Here is some example output from openssl s_client, with the meat of the actual certificates trimmed (...) for brevity:

$ echo "" | openssl s_client -showcerts -connect www.google.com:443
CONNECTED(00000003)
---
Certificate chain
 0 s:/C=US/ST=California/L=Mountain View/O=Google Inc/CN=www.google.com
   i:/C=US/O=Google Inc/CN=Google Internet Authority G2
-----BEGIN CERTIFICATE-----
MIIEgDCCA2igAwIBAgIIRLhIyqBaCIMwDQYJKoZIhvcNAQELBQAwSTELMAkGA1UE
...
segXWw==
-----END CERTIFICATE-----
 1 s:/C=US/O=Google Inc/CN=Google Internet Authority G2
   i:/C=US/O=GeoTrust Inc./CN=GeoTrust Global CA
-----BEGIN CERTIFICATE-----
MIID8DCCAtigAwIBAgIDAjqSMA0GCSqGSIb3DQEBCwUAMEIxCzAJBgNVBAYTAlVT
...
wSHGFg==
-----END CERTIFICATE-----
 2 s:/C=US/O=GeoTrust Inc./CN=GeoTrust Global CA
   i:/C=US/O=Equifax/OU=Equifax Secure Certificate Authority
-----BEGIN CERTIFICATE-----
MIIDfTCCAuagAwIBAgIDErvmMA0GCSqGSIb3DQEBBQUAME4xCzAJBgNVBAYTAlVT
...
b8ravHNjkOR/ez4iyz0H7V84dJzjA1BOoa+Y7mHyhD8S
-----END CERTIFICATE-----
---
Server certificate
subject=/C=US/ST=California/L=Mountain View/O=Google Inc/CN=www.google.com
issuer=/C=US/O=Google Inc/CN=Google Internet Authority G2
---

The first certificate in the chain (0) shows you it's subject and issuer. As you can see, the subject for the second certificate (1) is the same as the issuer for (0), and the issuer for (1) is the subject for (2). The issuer for (2) is the root certificate, which is not included. (It is accepted, but not required, to include the root in the chain; as the purpose of the root is to be a locally stored "trusted" copy, software should never "trust" the root handed to it by a web server. That said, I have seen (non-browser) software which broke if the root was not included in the chain, so it does happen).

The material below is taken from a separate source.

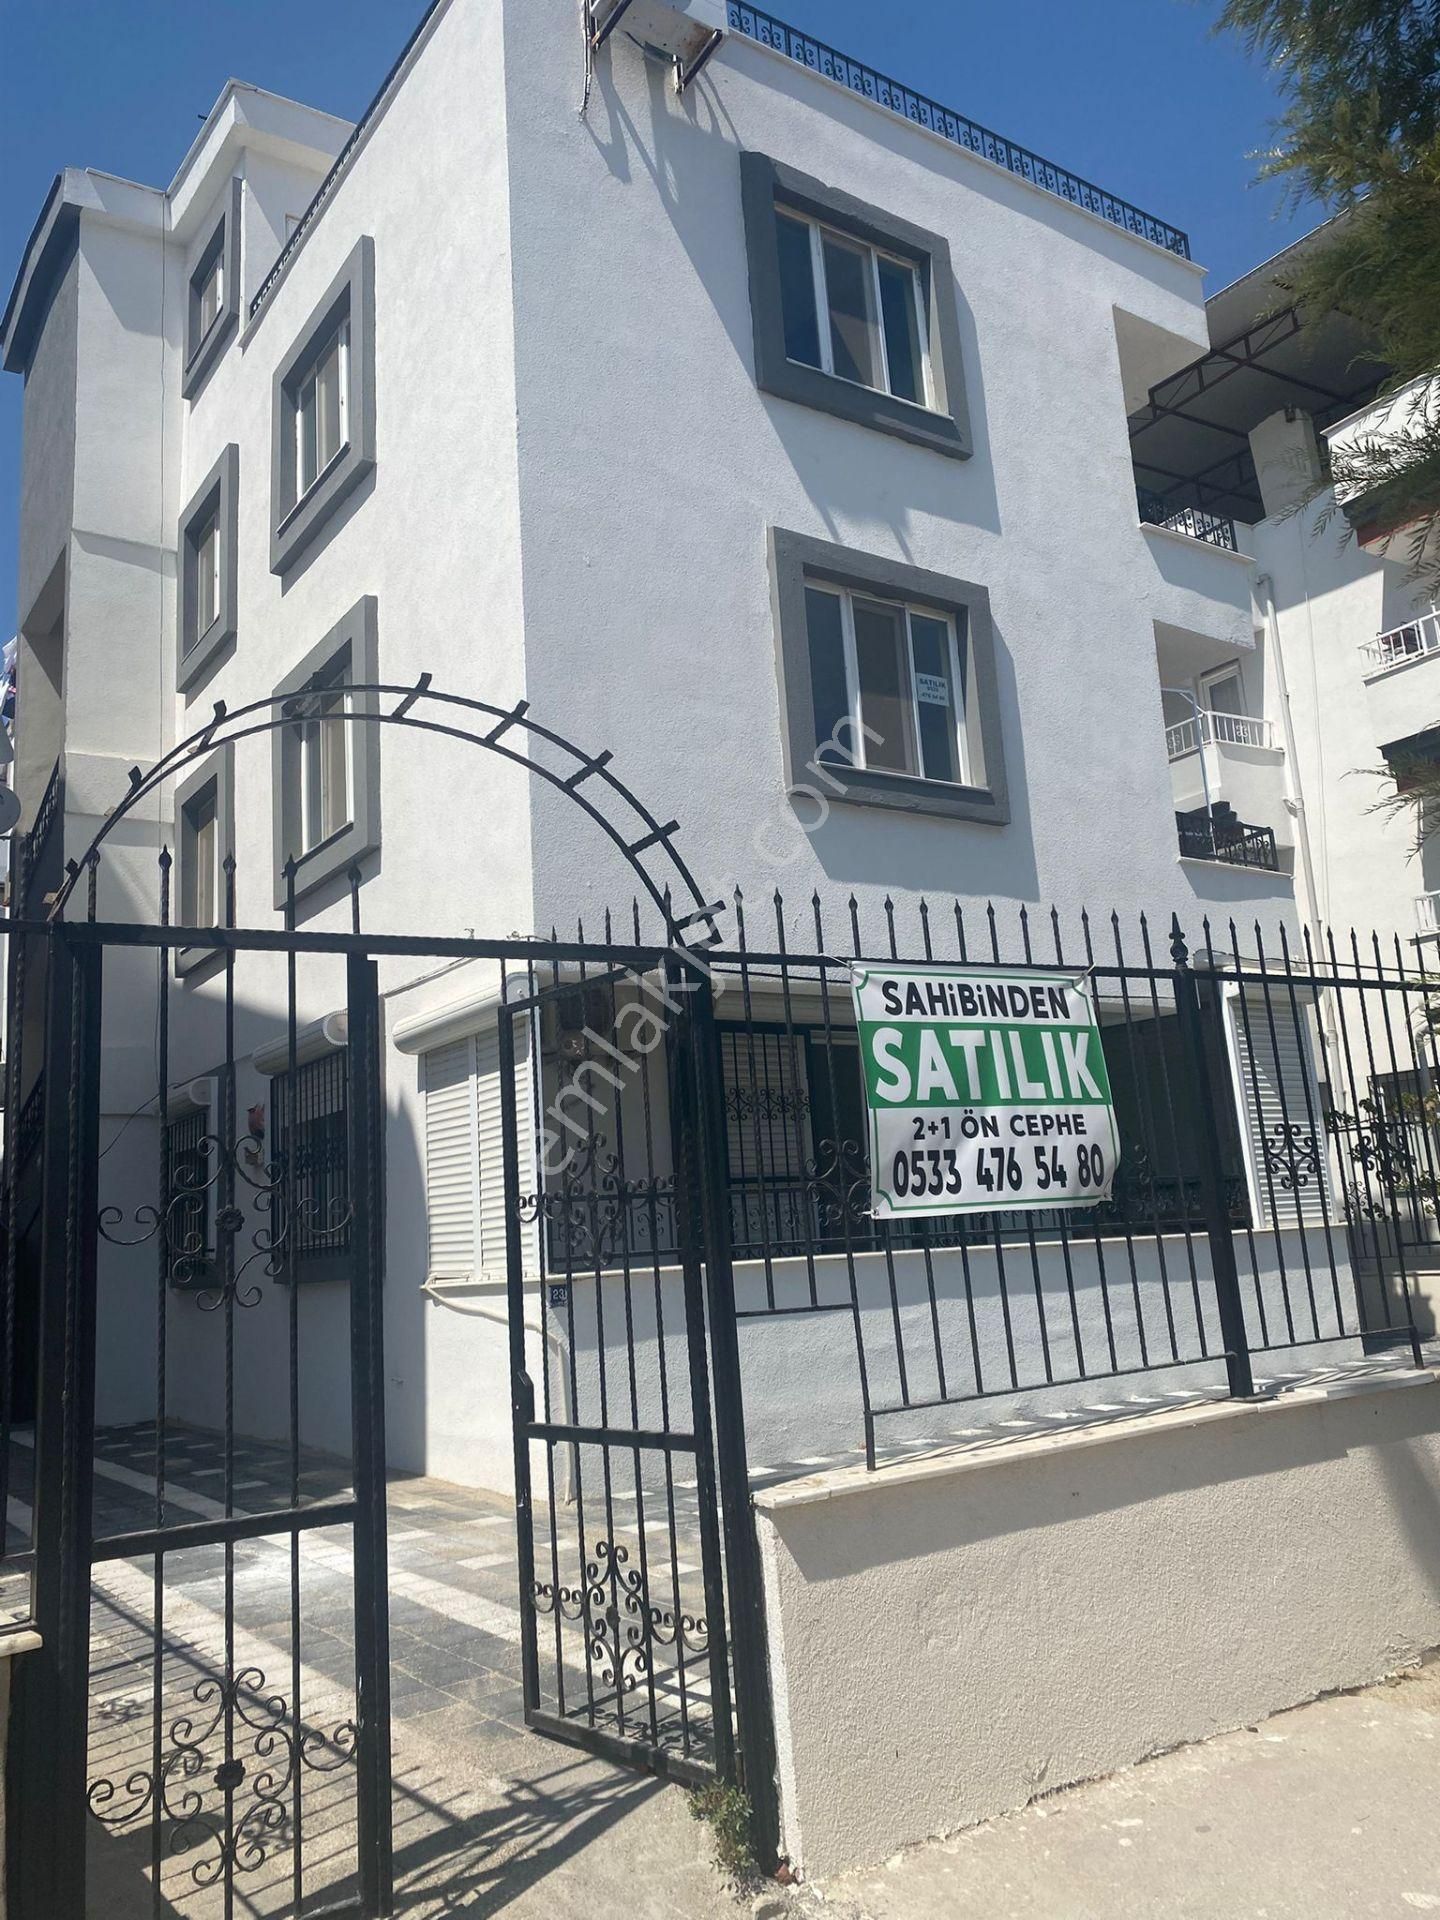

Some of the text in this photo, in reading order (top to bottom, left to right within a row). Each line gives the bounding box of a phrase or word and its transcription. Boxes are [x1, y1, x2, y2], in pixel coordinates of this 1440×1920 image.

[872, 1027, 1104, 1103] SATILIK
[912, 1109, 1087, 1140] 2+1 ÖN CEPHE
[893, 1143, 1104, 1198] 0533 476 54 80

On a Linux system, you can track down the root certificate in the /etc/ssl/certs directory, either as an individual file or as part of a large file such as ca-certificates.crt (Ubuntu) or ca-bundle.crt (Red Hat). You can use openssl x509 -noout -subject -in filename where filename is a single certificate file to get the Subject of each certificate; comparing those to what you extracted from the certificate chain above will allow you to track down the server certificate.

(extracting the subjects from all those files, or exploding the bundle into a number of files and extracting subjects from them, is a medium-complexity Unix scripting challenge left to the reader).

You may find web servers which do not provide the necessary chain. In such cases, it's usually because the intermediate certs are also commonly distributed by browser vendors, so they can get away with it.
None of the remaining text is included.